According to court documents, on November 19, 2017, a U.S. Postal Inspection Service inspector discovered a suspicious package addressed to Caruso at the U.S. Postal Service Portland Air Cargo Center. The package was transported to the Portland Police Bureau’s Drugs and Vice Division for further examination in a safe environment. Wearing a ventilated hood for protection, a Homeland Security Investigations (HSI) agent assigned to the High Intensity Drug Trafficking Area Interdiction Taskforce opened the heat-sealed package and found a clear Ziploc baggie containing a fine powdery substance. A test conducted the following day at the Oregon State Police Laboratory confirmed the substance was cyclopropylfentanyl, a power opioid and Schedule I controlled substance.
Investigators removed the cyclopropylfentanyl from the package and replaced it with an inert powder similar in appearance. On November 21, 2017, they conducted a controlled delivery of the package with the inert powder to Caruso’s residence in Lake Oswego. Shortly thereafter, Caruso was observed retrieving the package from his apartment postal box. HSI agents and other task force officers confronted Caruso and placed him under arrest.
On April 3, 2019, Caruso pleaded guilty to one count of distributing a controlled substance resulting in death. At sentencing, he was ordered to forfeit more than $764,000 and a 2013 Audi A4 sedan.
This case was investigated by the High Intensity Drug Trafficking Area Interdiction Taskforce, Homeland Security Investigations, the U.S. Postal Inspection Service and the Portland Police Bureau Drugs and Vice Division. It was prosecuted by Scott M. Kerin and Julia E. Jarrett, Assistant U.S. Attorneys for the District of Oregon.

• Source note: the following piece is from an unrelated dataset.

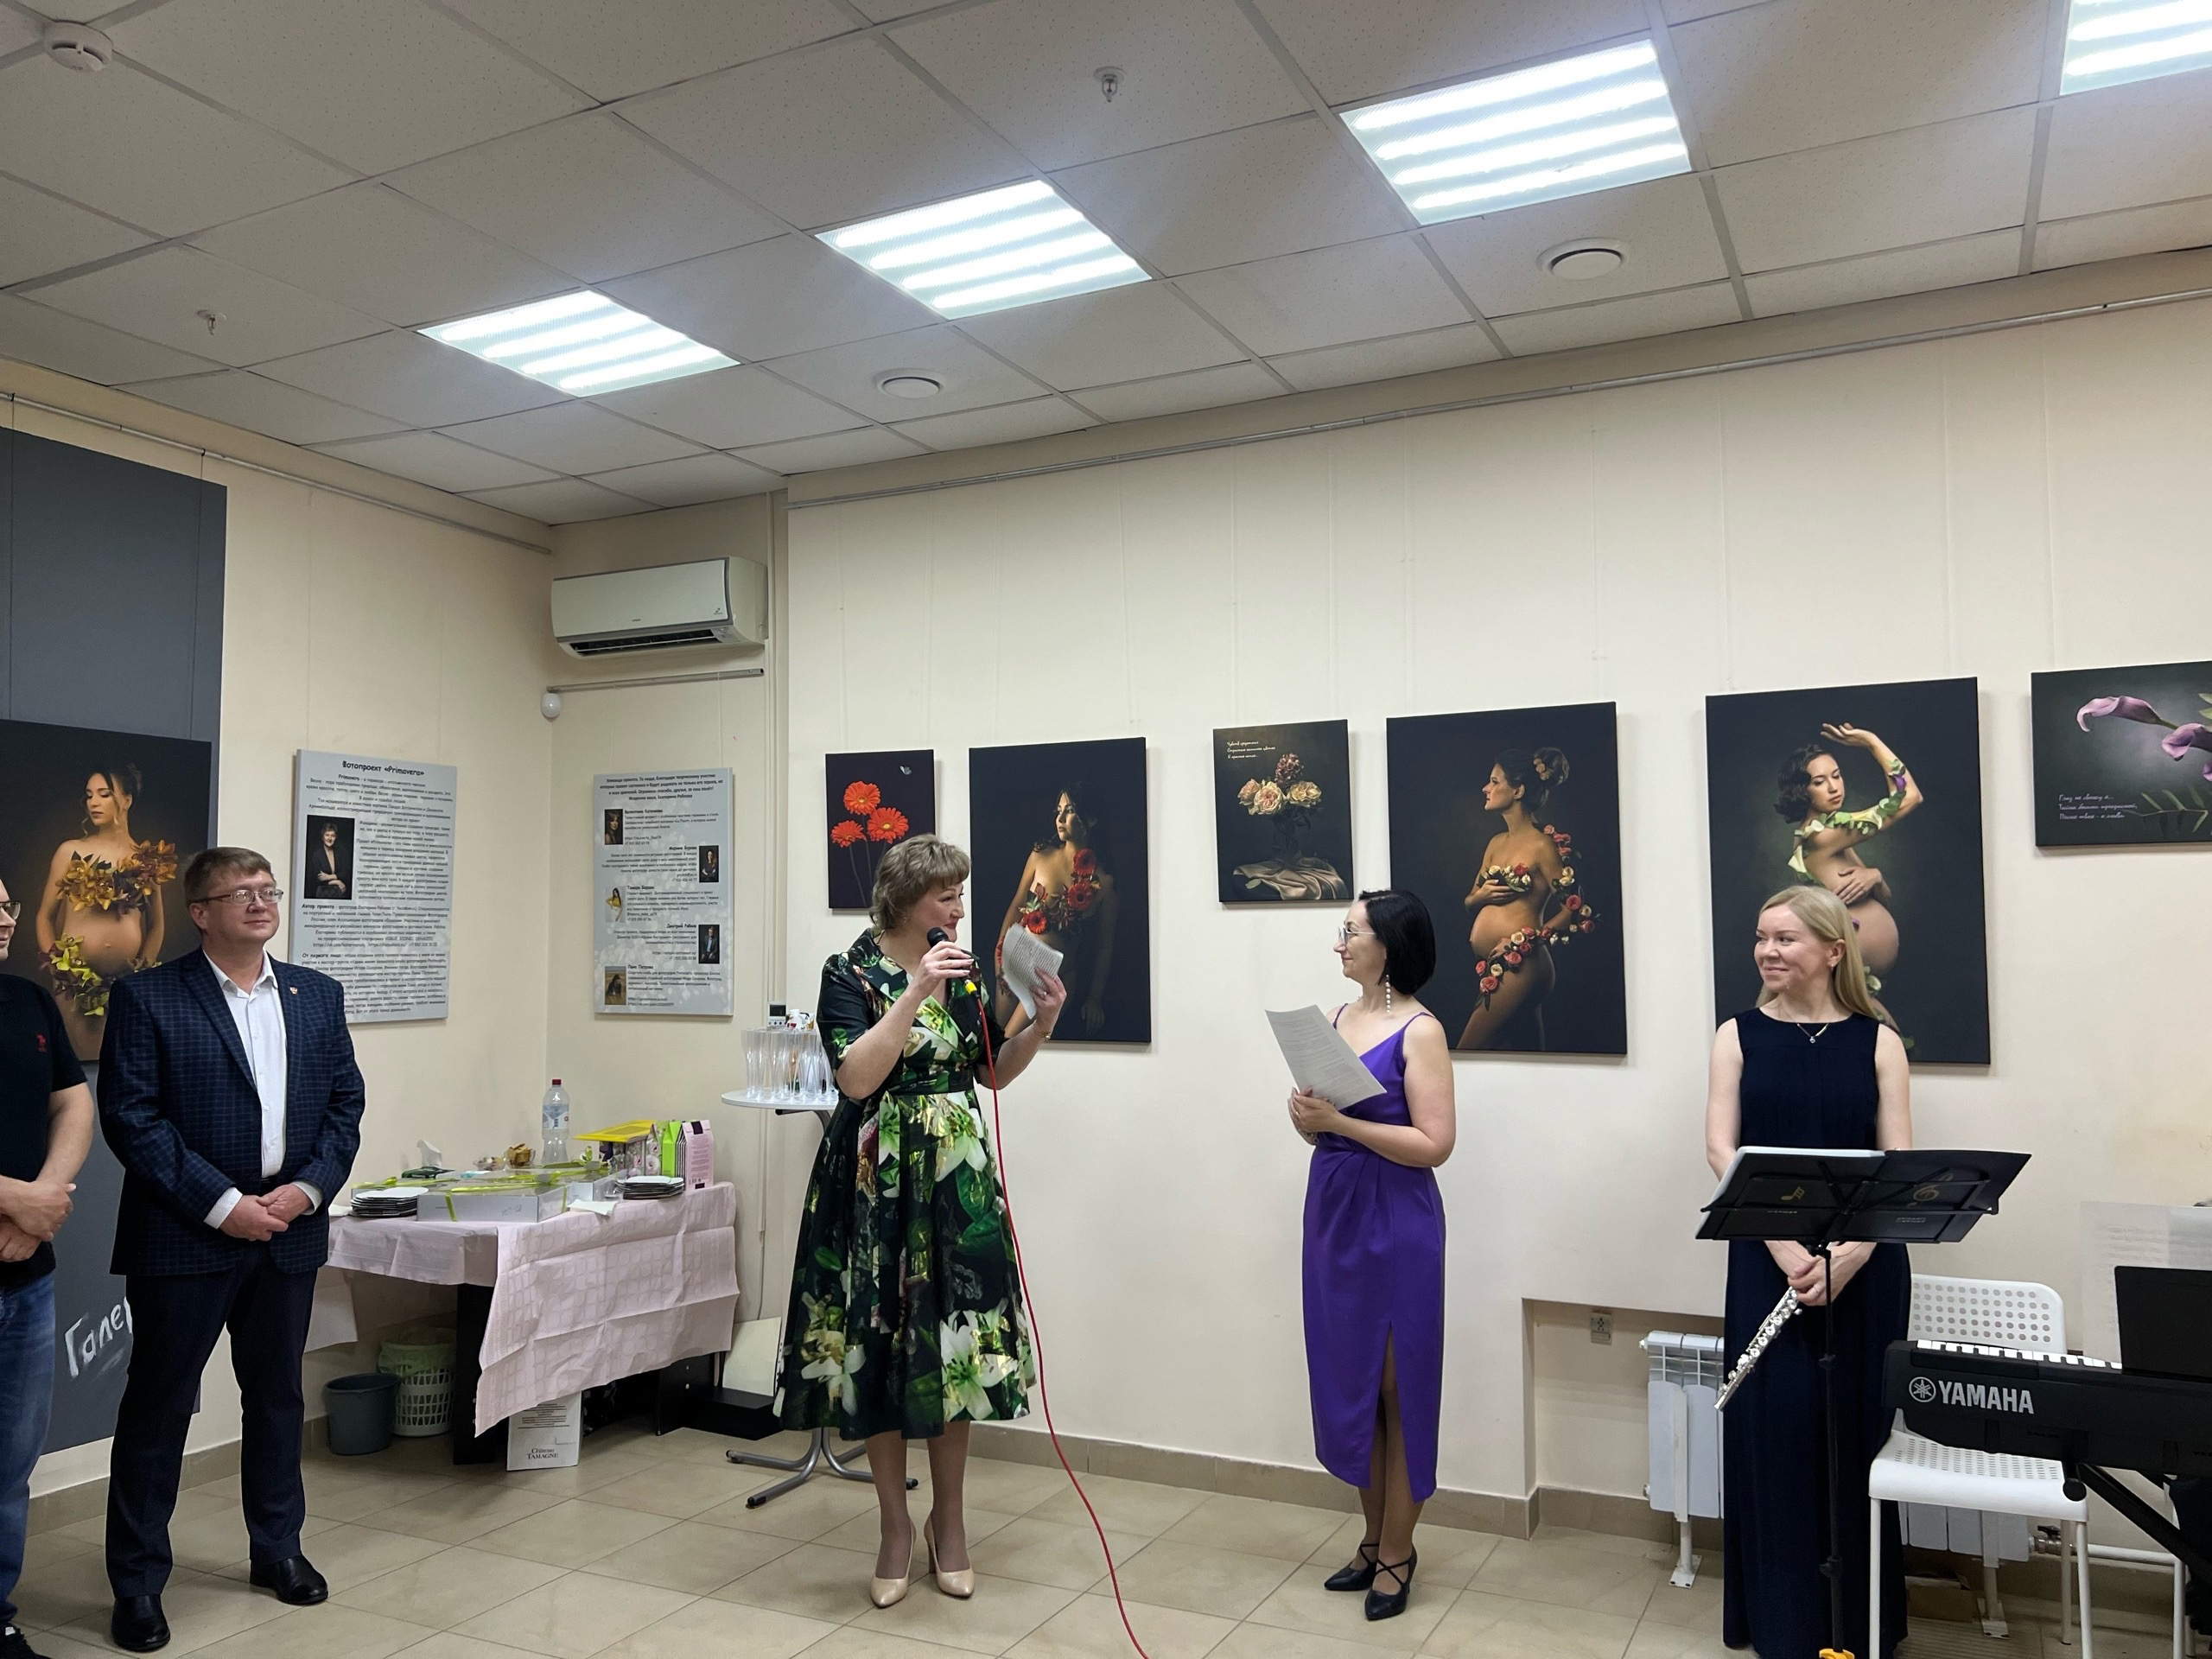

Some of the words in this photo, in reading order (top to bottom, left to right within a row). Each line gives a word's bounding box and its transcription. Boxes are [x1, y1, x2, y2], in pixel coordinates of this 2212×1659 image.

[342, 760, 381, 772] Фотопроект
[385, 766, 424, 776] «Primavera»
[1938, 1380, 2034, 1414] YAMAHA

The Oregon HIDTA program was established by the White House Office of National Drug Control Policy (ONDCP) in June of 1999. In 2015 the program expanded into Idaho and was renamed the Oregon-Idaho HIDTA. The Oregon-Idaho HIDTA consists of 14 counties and the Warm Springs Indian Reservation. Counties in the HIDTA include Oregon’s Clackamas, Deschutes, Douglas, Jackson, Lane, Linn, Malheur, Marion, Multnomah, Umatilla and Washington counties, and Idaho’s Ada, Bannock and Canyon counties.
Drug abuse affects communities across the nation, and opioid abuse continues to be particularly devastating. The CDC reports that from 1999 to 2016, more than 630,000 people have died from a drug overdoses. In 2016, 66% of drug overdose deaths involved an opioid. Drug overdose is now the leading cause of injury or death in the United States. In Oregon, the total number of deaths related to drug use increased 11 percent between from 2013 to 2017, with 546 known drug related deaths in 2017.
If you or someone you know suffers from addiction, please call the Lines for Life substance abuse helpline at 1-800-923-4357 or visit www.linesforlife.org. Phone support is available 24 hours a day, seven days a week. You can also text “RecoveryNow” to 839863 between 8am and 11pm Pacific Time daily.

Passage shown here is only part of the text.